## Data in this exercise
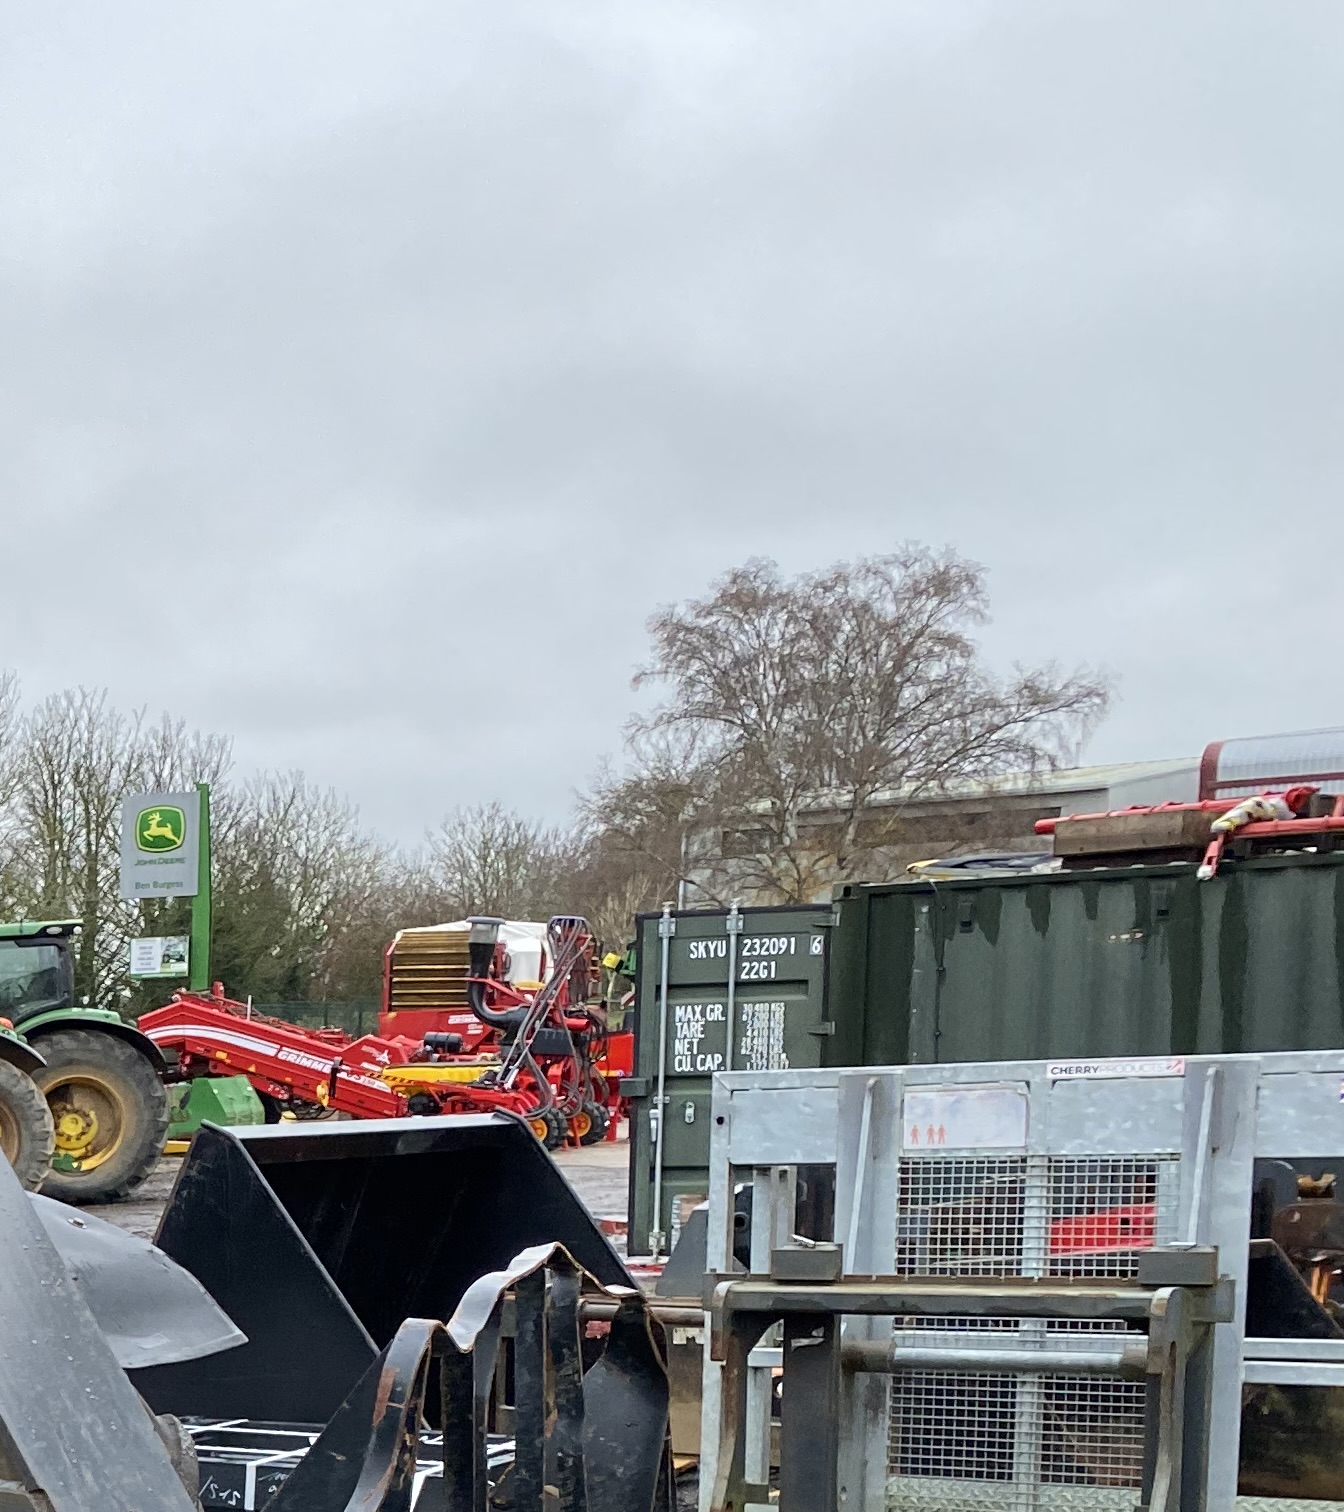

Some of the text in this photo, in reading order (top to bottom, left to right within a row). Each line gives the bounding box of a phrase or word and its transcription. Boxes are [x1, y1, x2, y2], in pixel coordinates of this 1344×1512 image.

[135, 880, 184, 890] Ben Burgess
[689, 937, 821, 959] SKYU 232091 6
[740, 961, 776, 979] 22G1
[675, 1021, 705, 1039] TARE
[675, 1038, 699, 1055] NET
[696, 1053, 725, 1071] CAP.

## What the task requires
Output each record above word for word, leaving out images.

## Expected answer
Some of the text in this photo, in reading order (top to bottom, left to right within a row). Each line gives the bounding box of a phrase or word and its transcription. Boxes are [x1, y1, x2, y2], in pixel coordinates of this 1344×1512 image.

[135, 880, 184, 890] Ben Burgess
[689, 937, 821, 959] SKYU 232091 6
[740, 961, 776, 979] 22G1
[675, 1021, 705, 1039] TARE
[675, 1038, 699, 1055] NET
[696, 1053, 725, 1071] CAP.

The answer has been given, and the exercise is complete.